Functional Plant Biology Functional Plant Biology Society
Plant function and evolutionary biology
RESEARCH ARTICLE

Preliminary characterisation of two early meiotic wheat proteins after identification through 2D gel electrophoresis proteomics

Kelvin H. P. Khoo A , Amanda J. Able A , Timothy K. Chataway B and Jason A. Able A C
+ Author Affiliations
- Author Affiliations

A School of Agriculture, Food and Wine, Waite Research Institute, The University of Adelaide, Waite Campus, PMB1, Glen Osmond, SA 5064, Australia.

B Proteomics Laboratory, School of Medicine, Flinders University, Bedford Park, SA 5042, Australia.

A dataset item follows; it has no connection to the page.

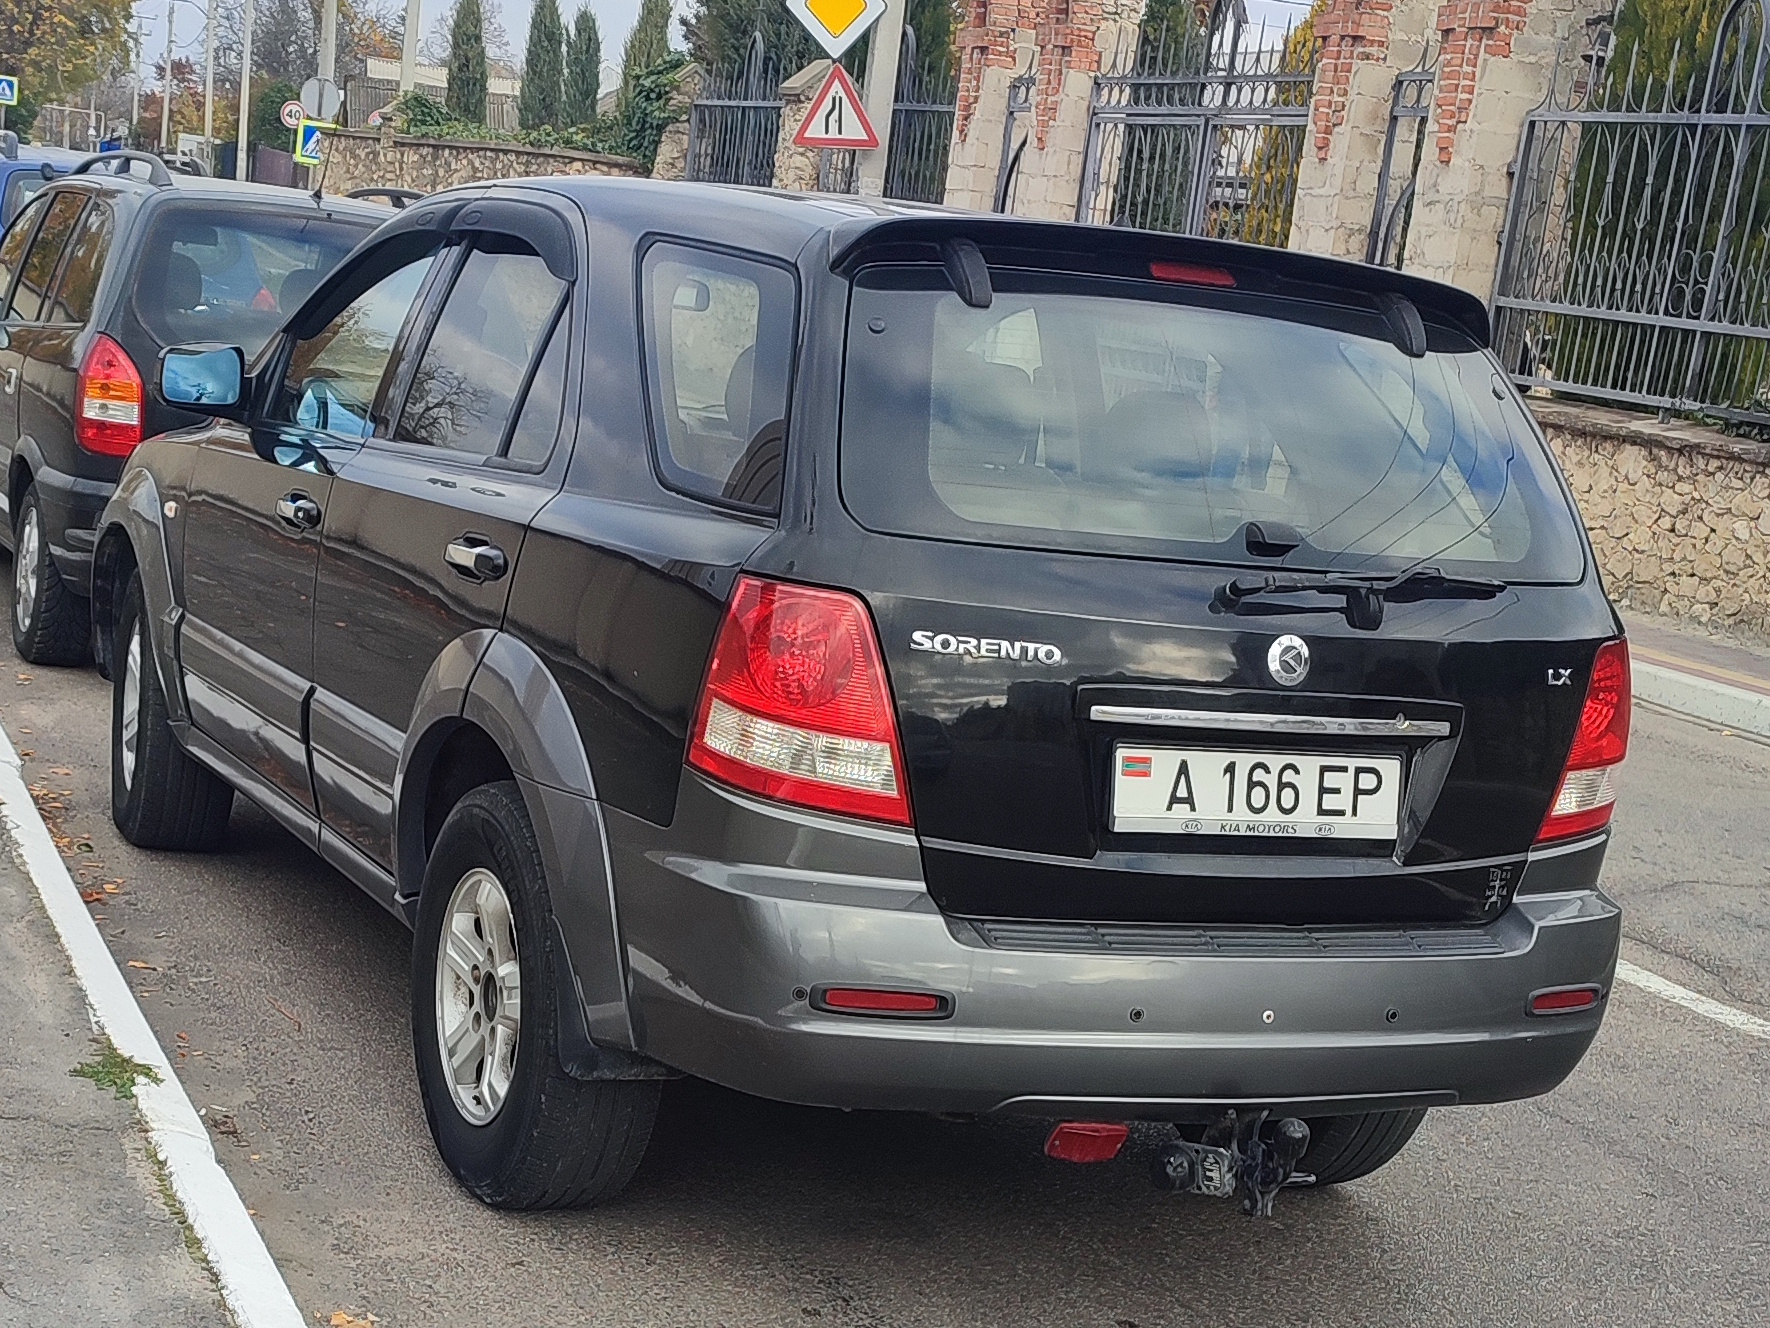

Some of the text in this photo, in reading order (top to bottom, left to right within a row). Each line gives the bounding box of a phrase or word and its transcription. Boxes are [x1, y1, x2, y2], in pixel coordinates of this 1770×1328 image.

C Corresponding author. Email: jason.able@adelaide.edu.au

Functional Plant Biology 39(3) 222-235 https://doi.org/10.1071/FP11253
Submitted: 11 November 2011  Accepted: 24 December 2011   Published: 14 March 2012

Abstract

Various genetic-based approaches including mutant population screens, microarray analyses, cloning and transgenesis have broadened our knowledge of gene function during meiosis in plants. Nonetheless, these genetic tools are not without inherent limitations. One alternative approach to studying plant meiosis, especially in polyploids such as Triticum aestivum L. (bread wheat), is proteomics. However, protein-based approaches using proteomics have seldom been described, with only two attempts at studying early plant meiosis reported. Here, we report the investigation of early bread wheat meiosis using proteomics. Five differentially expressed protein spots were identified using 2D gel electrophoresis (2DGE) on protein extracts from four pooled stages of meiosis and three genotypes (Chinese Spring wild-type, ph1b and ph2a wheat mutant lines). Tandem mass spectrometry (MS/MS) identification of peptides from these protein spots led to the isolation and characterisation of the full-length clones of a wheat Speckle-type POZ protein, an SF21-like protein and HSP70, and a partial coding sequence of a hexose transporter. Significantly, the putative functions of the Speckle-type POZ protein and HSP70 were confirmed using in vitro DNA binding assays. Through the use of a 2DGE proteomics approach, we show that proteomics is a viable alternative to genetic-based approaches when studying meiosis in wheat. More significantly, we report a potential role for a Speckle-type POZ protein and a HSP70 in chromosome pairing during the early stages of meiosis in bread wheat.

Additional keywords: chromosome pairing, meiosis, HSP70, Speckle-type POZ protein, Triticum aestivum.